Gundotra explained Google's high-level goal as moving the web forward by enabling web developers to:
- Access the cloud more easily (with Google App Engine);
- Leverage more power from the browser (with Google Web Toolkit); and
- Maintain pervasive connectivity in their applications (with Android and Gears).
Google App Engine
The PaaS pitch for developers was Google App Engine: Google will host their applications on its servers for free and charge only when the applications exceed either 500MB of persistent storage or the bandwidth and CPU necessary for 5 million monthly page views. Although the pricing model won't be finalized until the end of the year and App Engine is still in preview, Google announced open signup for all interested developers. Developers need only sign up, develop the web applications on their local machines, and deploy them to Google. Launching the application then is just a matter of serving the application's URL to your end users. However, the App Engine runtime environment currently uses only Python. Google is considering other languages and runtime configurations for future releases. So if you're not a Python developer, you'll have to learn the language or wait.
Google Web Toolkit
If you like the GWT functionality but code in C#, check out Script# as an alternative.
Android and Gears
The Android and Gears demos filled the pervasive connectivity role. Android Engineering Director Steve Horowitz demonstrated the much-talked-about mobile development stack on a mobile device. The home screen featured the typical items you'd expect (e-mail, Internet, contacts, etc.), and Horowitz's touch-screen navigation would've had more appeal if the iPhone hadn't already been on the scene. But things got interesting when he pointed the WebKit browser to Google Maps. Horowitz set the device to Compass mode while viewing a Google Maps Street View of the San Francisco waterfront. Holding the device at arms length, he turned around 180 degrees in either direction and the Street View moved in relation to him, providing a sweep of the waterfront image. That trick drew applause.

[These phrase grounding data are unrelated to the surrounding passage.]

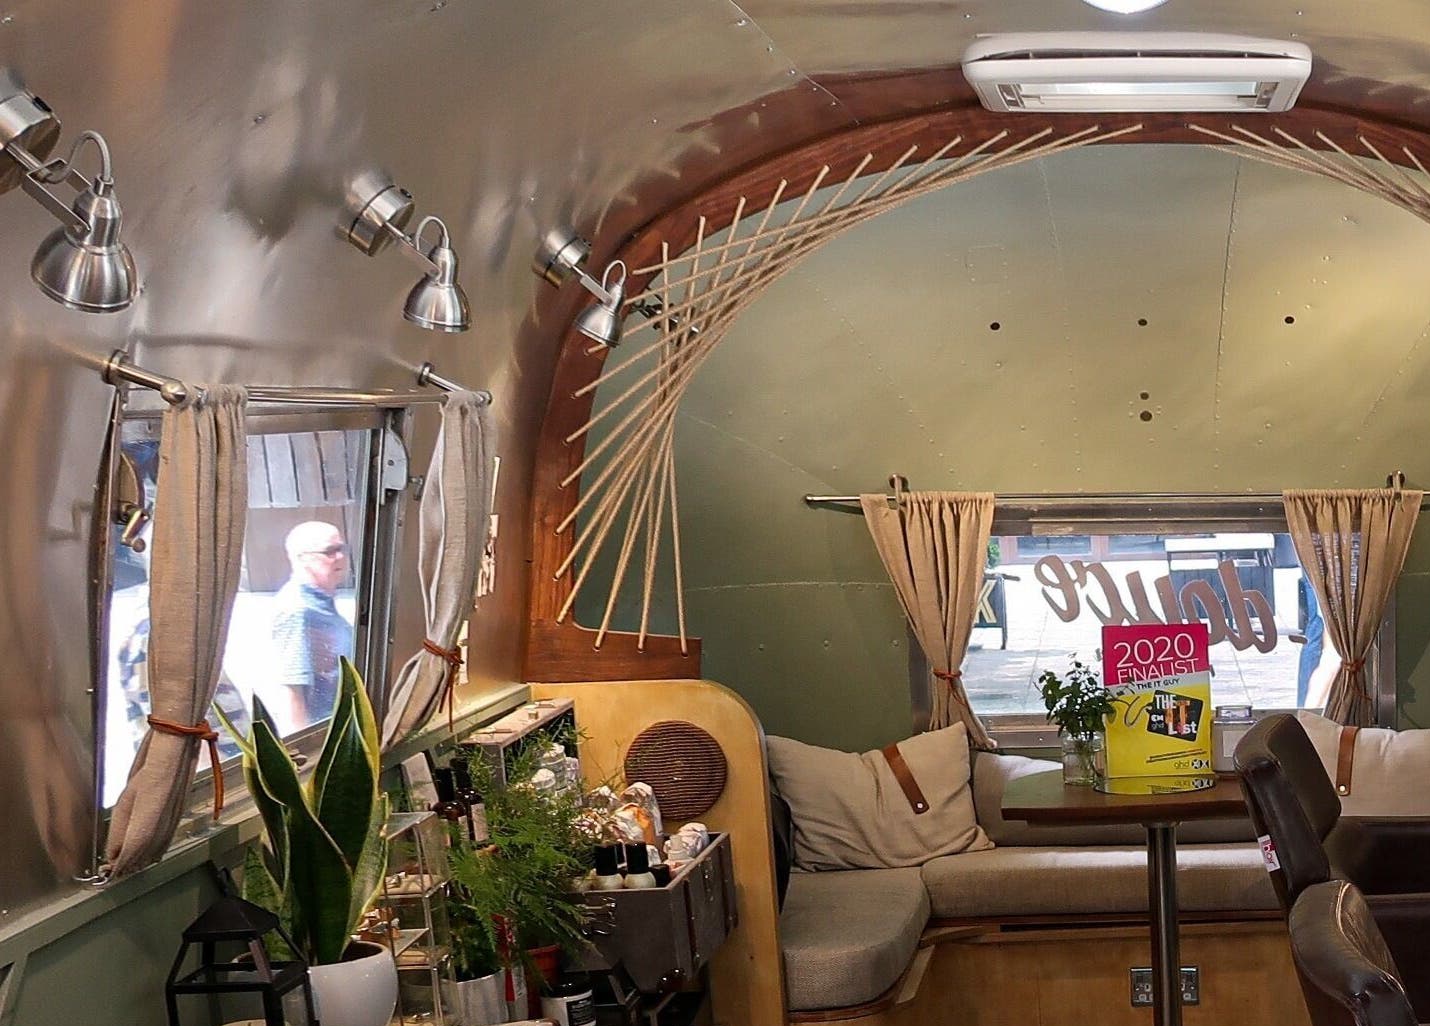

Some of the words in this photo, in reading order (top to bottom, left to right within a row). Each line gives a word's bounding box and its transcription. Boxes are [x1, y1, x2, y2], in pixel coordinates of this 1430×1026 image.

[1113, 633, 1195, 668] 2020
[1117, 658, 1199, 684] FINALIST
[1136, 681, 1152, 690] THE
[1154, 680, 1162, 688] IT
[1163, 678, 1180, 686] GUY
[1155, 694, 1176, 709] THE
[1174, 760, 1190, 770] ghd
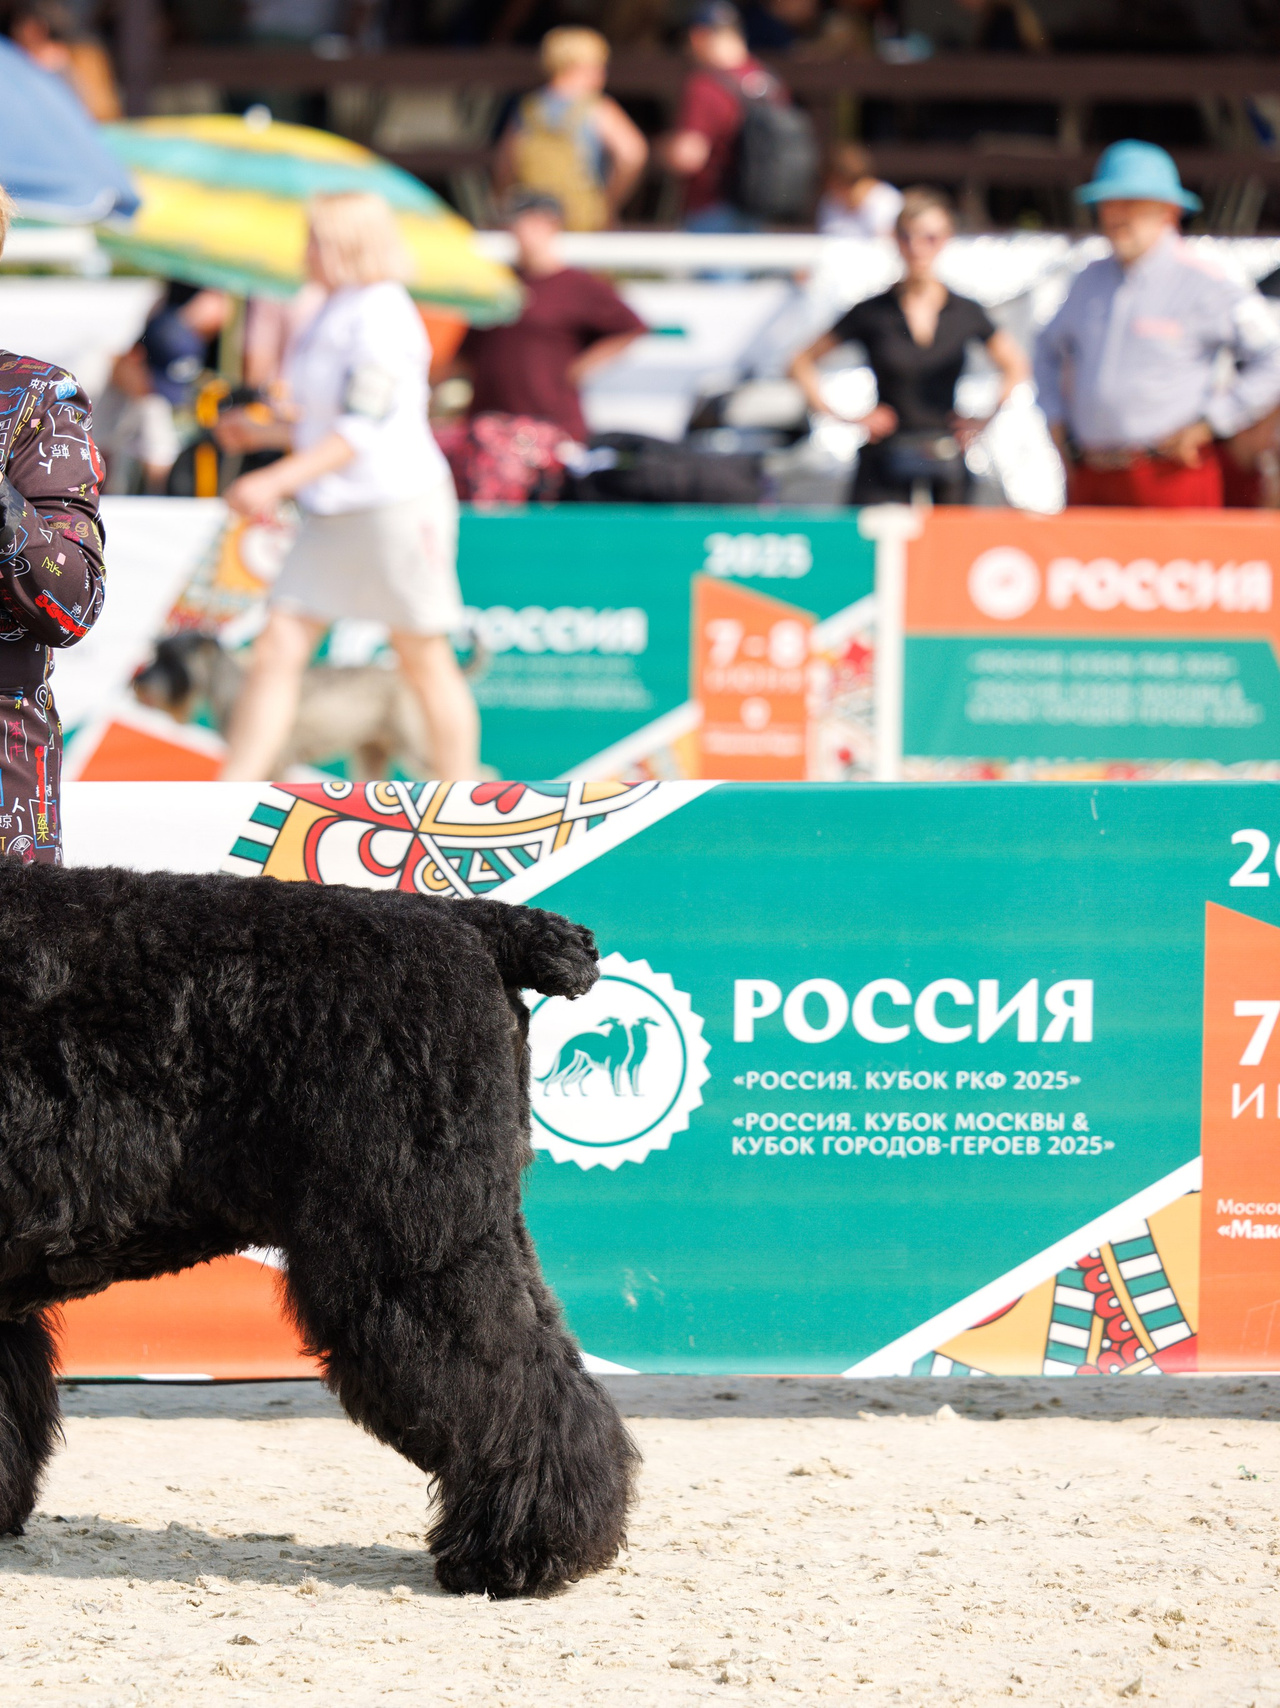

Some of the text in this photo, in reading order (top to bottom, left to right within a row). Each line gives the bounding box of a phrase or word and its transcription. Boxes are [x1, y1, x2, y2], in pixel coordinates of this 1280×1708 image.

[1230, 829, 1280, 887] 2
[733, 977, 1094, 1044] РОССИЯ
[1234, 1000, 1280, 1066] 7
[733, 1070, 1081, 1091] «РОССИЯ. КУБОК РКФ 2025»
[732, 1111, 1090, 1132] «РОССИЯ. КУБОК МОСКВЫ &
[732, 1135, 1115, 1158] КУБОК ГОРОДОВ-ГЕРОЕВ 2025»
[1216, 1198, 1280, 1216] Моско
[1217, 1218, 1280, 1239] «Мак
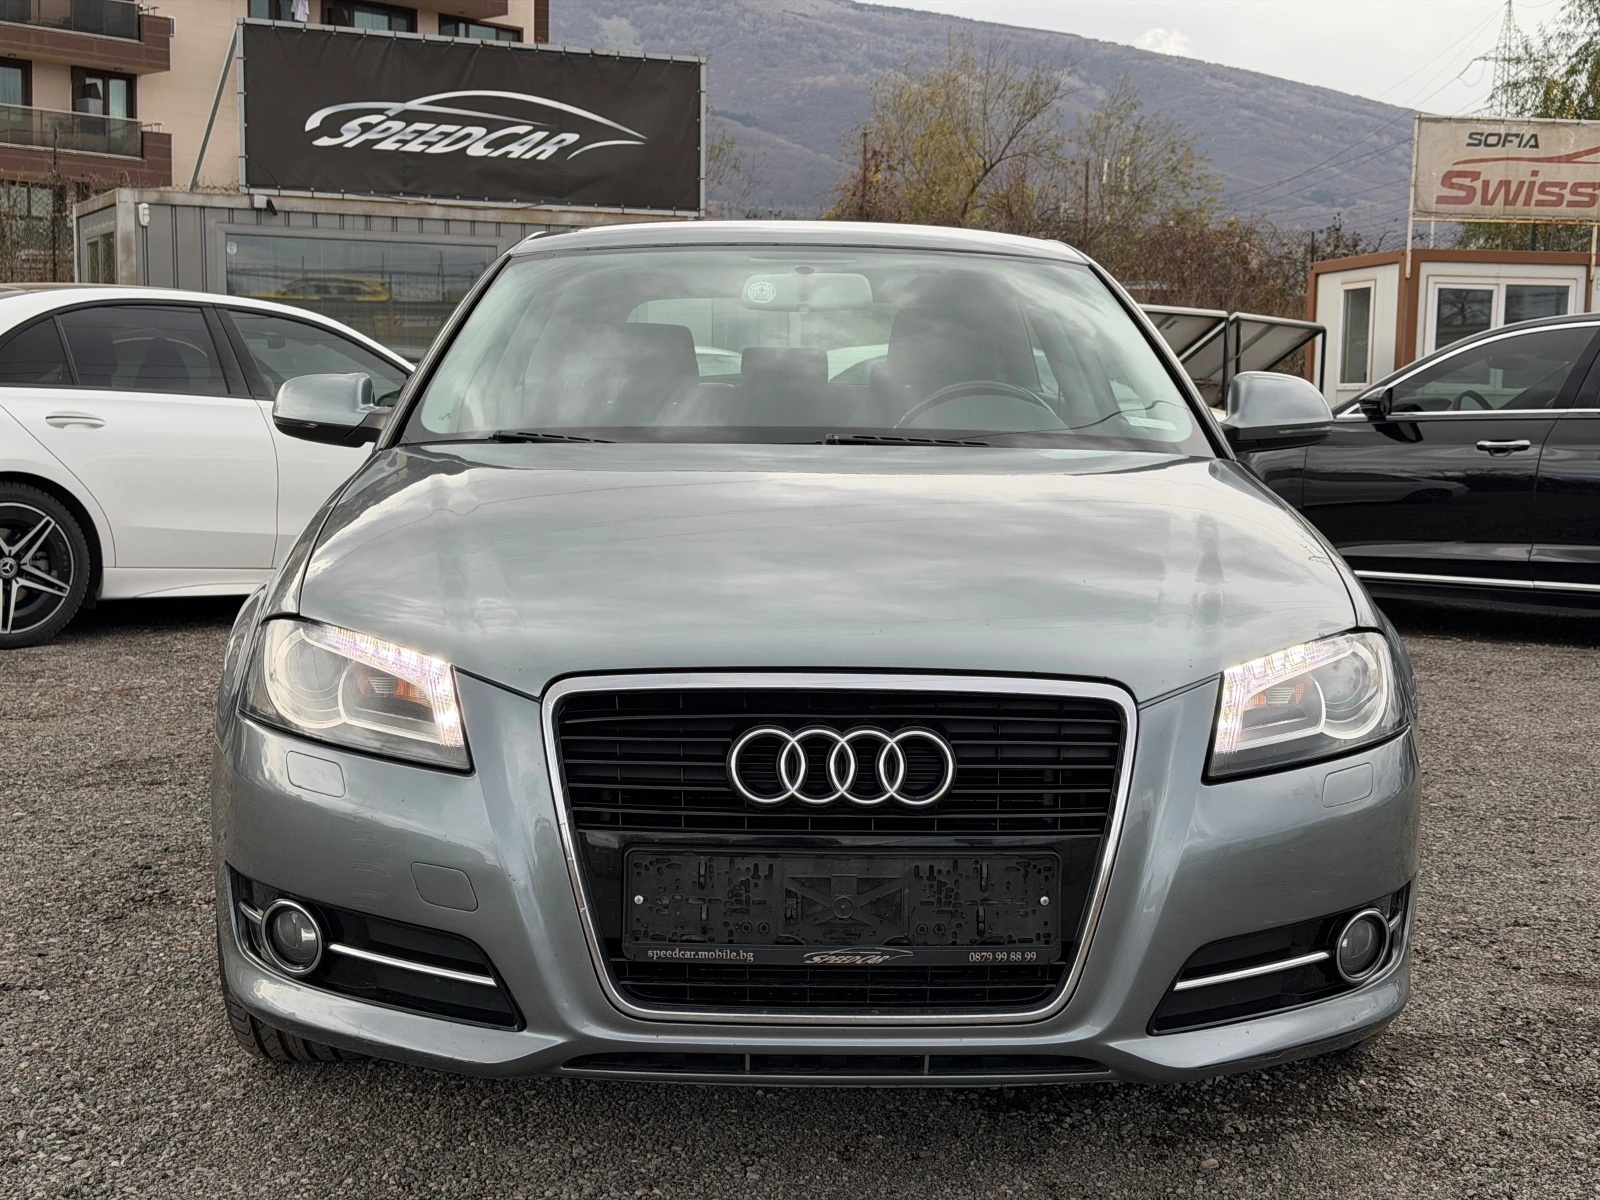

MySpace's Senior VP of Engineering, Allen Hurff, conducted the Gears demo. A browser plug-in, Gears (formerly Google Gears) uses a local server, database, and worker pool to enable users to interact with web applications while they're offline. Hurff showed this capability by doing a full text search of his 300-plus MySpace Mail messages without calling back to the MySpace servers. Each search term he entered dynamically narrowed his messages to only the matching results, and the search was powered completely by his local machine.
The keynote's message of "Client, Connectivity, and the Cloud" was nothing I hadn't heard before. But what made it compelling was that it came from a child of the Web era (you could say the poster child—in the canon of web-based services alongside Amazon, eBay, and now MySpace). Google itself was born of open standards/open source software, the Internet as the platform, and the proverbial web company founder story: two computer whiz kids in their college dorm room with a brilliant idea and no money. What's possible for those kids—and whiz grownups—today? Google believes it has the tools to help them find out.